▶ [TASK ITEM]:
For the copy, please give all of the data again exactly and leave the pictures out.

▶ [GIVEN RECORDS]:
- Opening Delimiter -

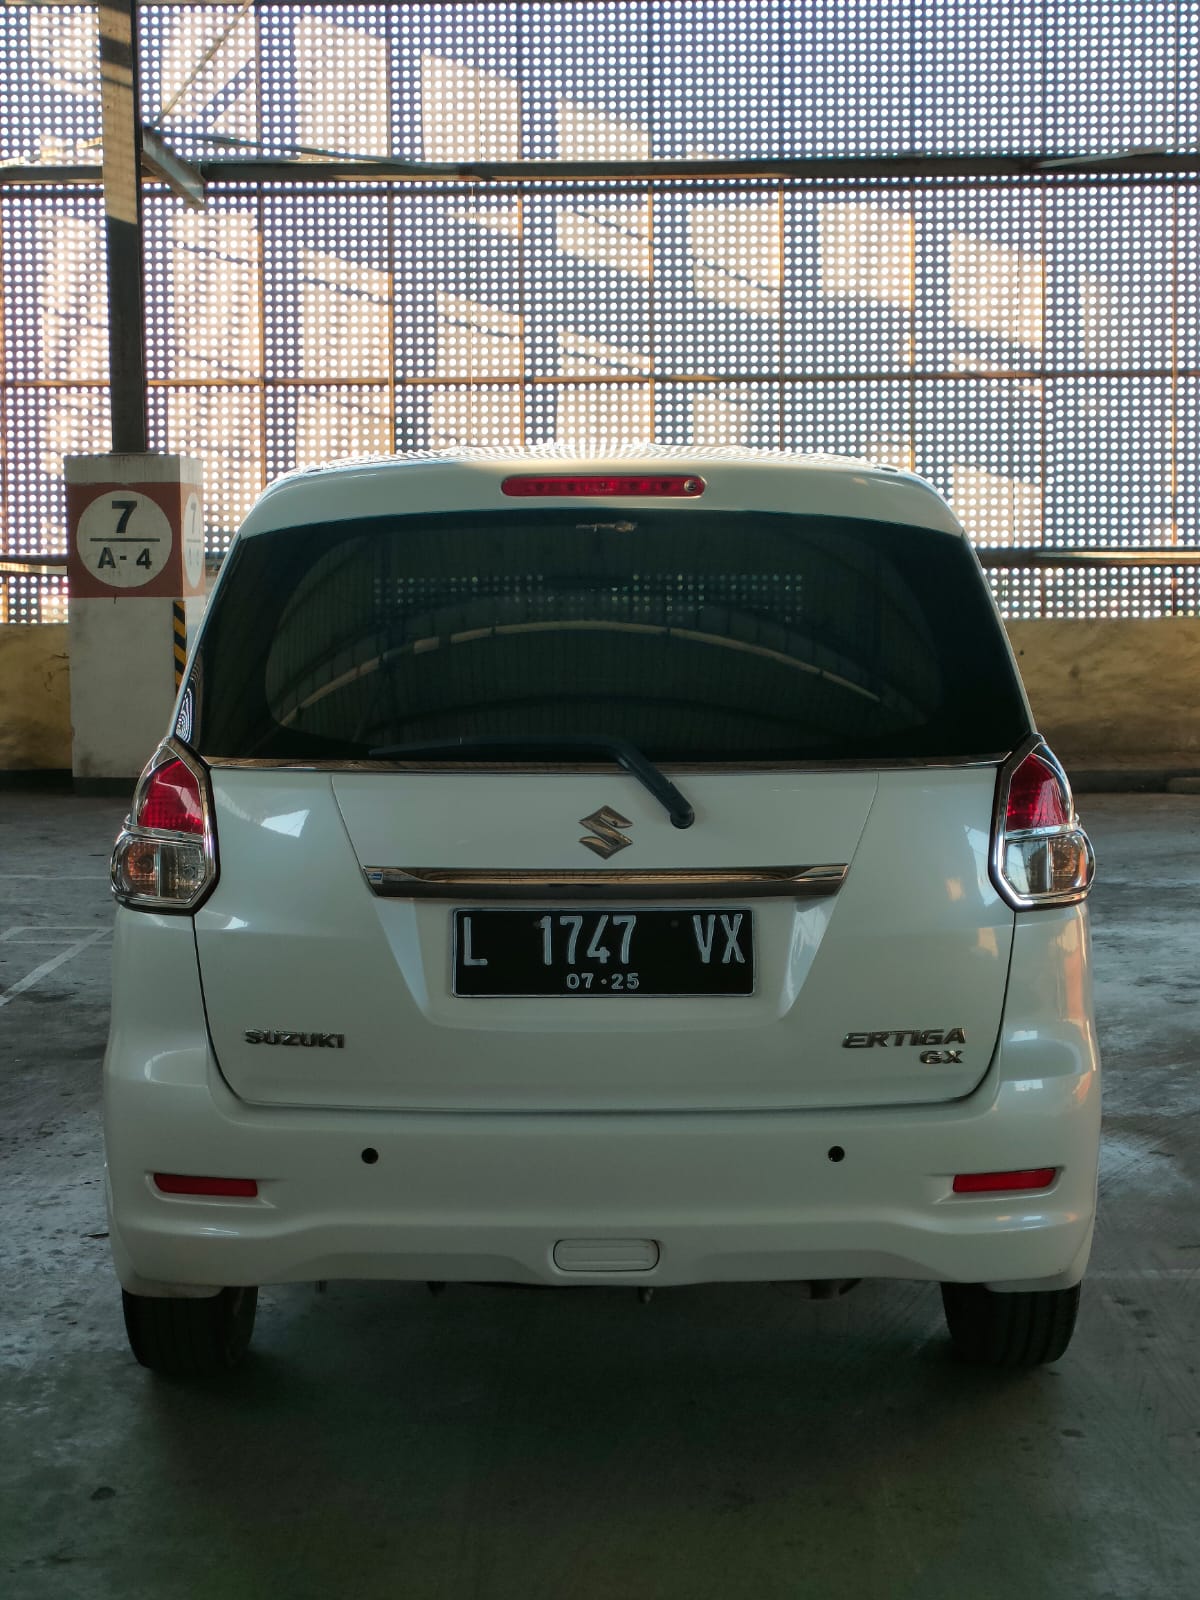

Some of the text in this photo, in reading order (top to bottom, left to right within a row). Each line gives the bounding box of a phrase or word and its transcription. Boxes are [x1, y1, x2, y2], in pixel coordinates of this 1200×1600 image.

[112, 501, 137, 533] 7
[463, 914, 746, 966] L 1747 VX
[245, 1029, 345, 1048] SUZUKI
[842, 1027, 966, 1048] ERTIGA
[919, 1050, 963, 1064] GX
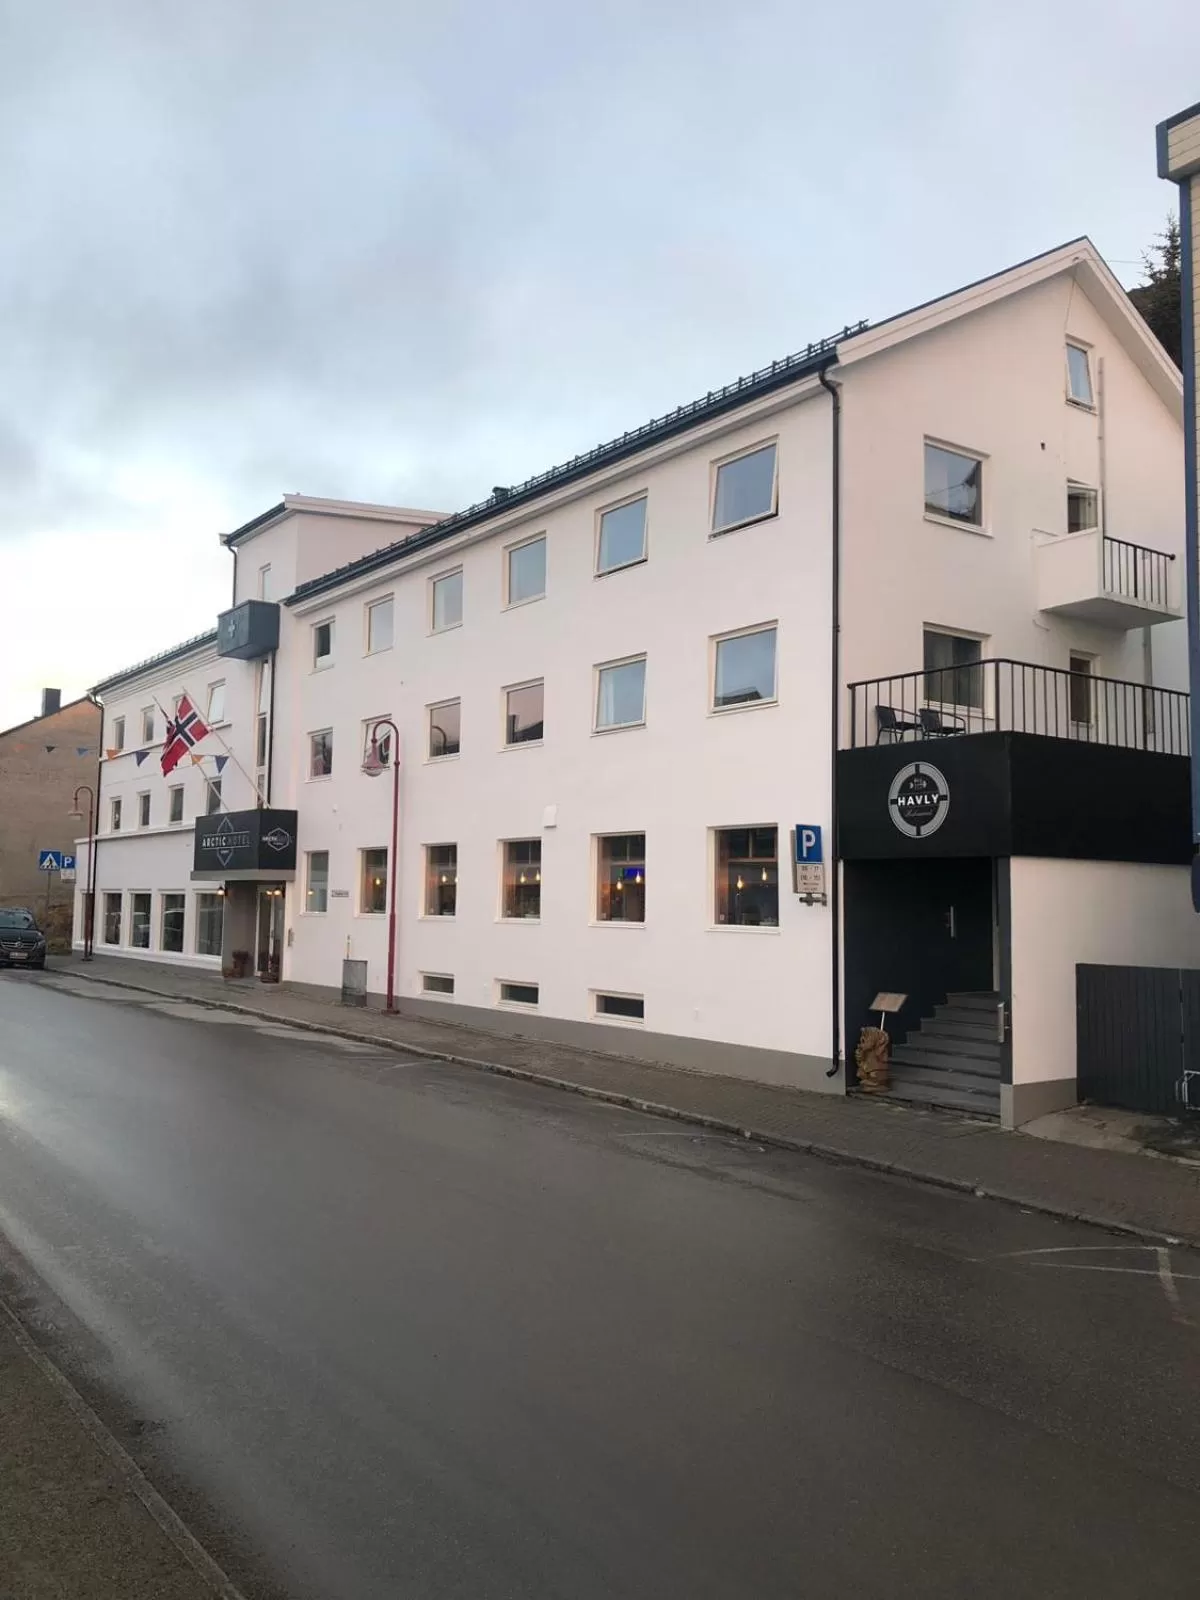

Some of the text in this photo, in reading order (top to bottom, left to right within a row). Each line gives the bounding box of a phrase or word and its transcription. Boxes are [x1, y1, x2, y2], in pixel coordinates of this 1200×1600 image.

[897, 793, 939, 806] HAVLY
[202, 836, 226, 848] ARCTIC
[802, 829, 816, 858] P
[64, 857, 73, 868] P
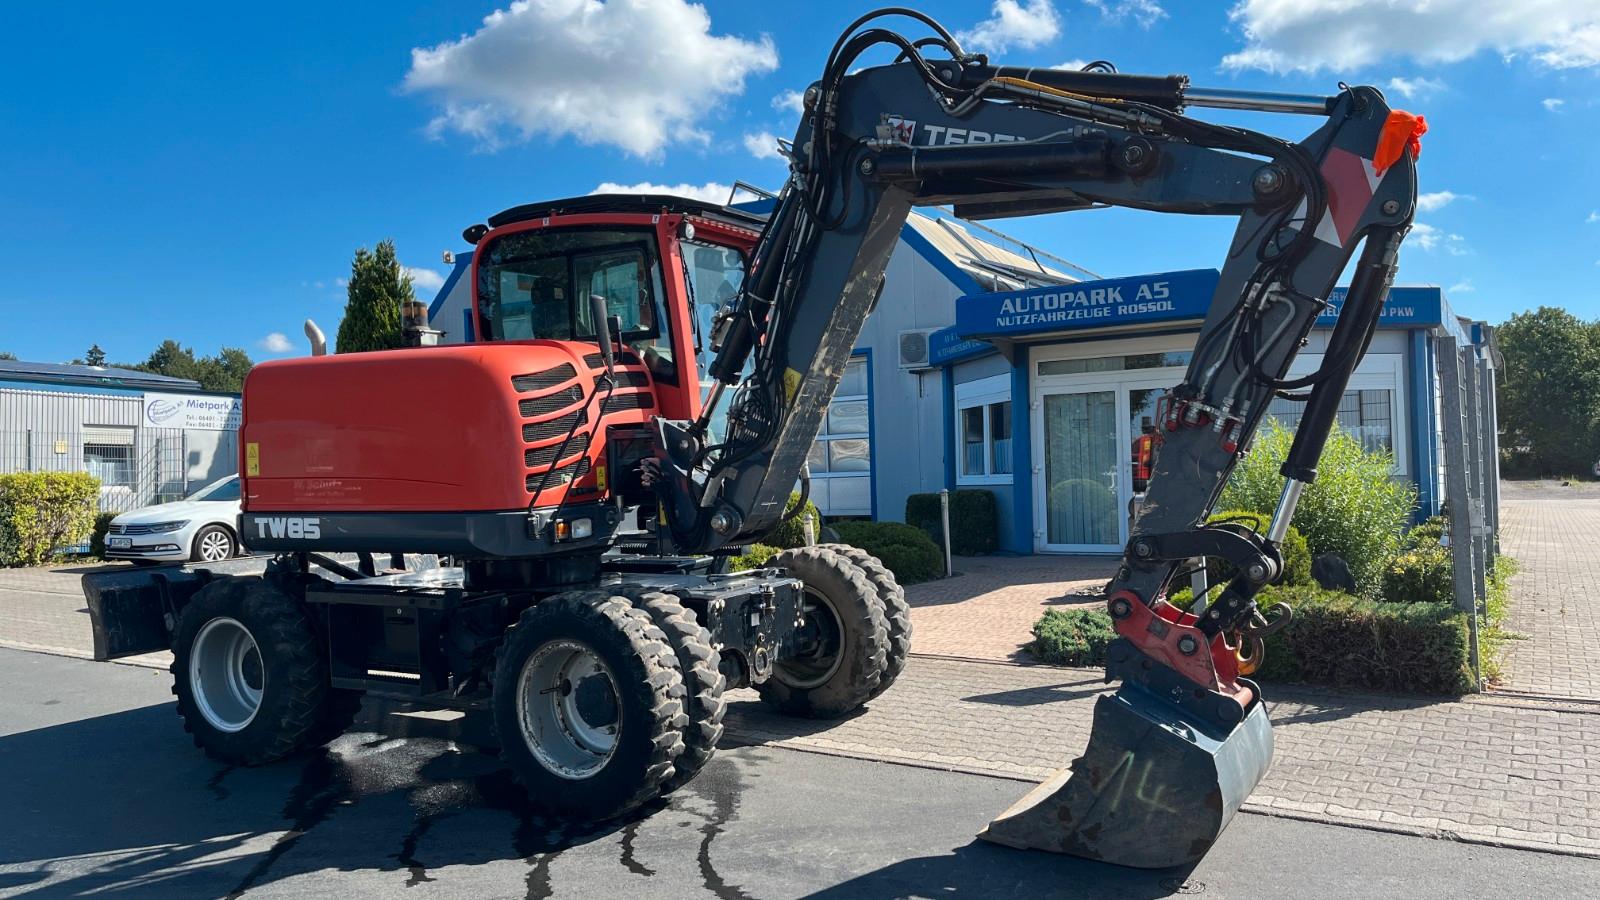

- Closing Delimiter -

▶ [SOLUTION TO THIS TASK]:
Some of the text in this photo, in reading order (top to bottom, left to right within a row). Each line gives the bounding box of a phrase or word and its transcription. Boxes are [x1, y1, x2, y2], in pixel coordinates of this 1200×1600 image.

[112, 501, 137, 533] 7
[463, 914, 746, 966] L 1747 VX
[245, 1029, 345, 1048] SUZUKI
[842, 1027, 966, 1048] ERTIGA
[919, 1050, 963, 1064] GX

Some of the text in this photo, in reading order (top to bottom, left to right within a row). Each line gives the bounding box of a phrase or word and its transcription. Boxes are [x1, y1, x2, y2], in pixel coordinates of this 1200×1600 image.

[897, 793, 939, 806] HAVLY
[202, 836, 226, 848] ARCTIC
[802, 829, 816, 858] P
[64, 857, 73, 868] P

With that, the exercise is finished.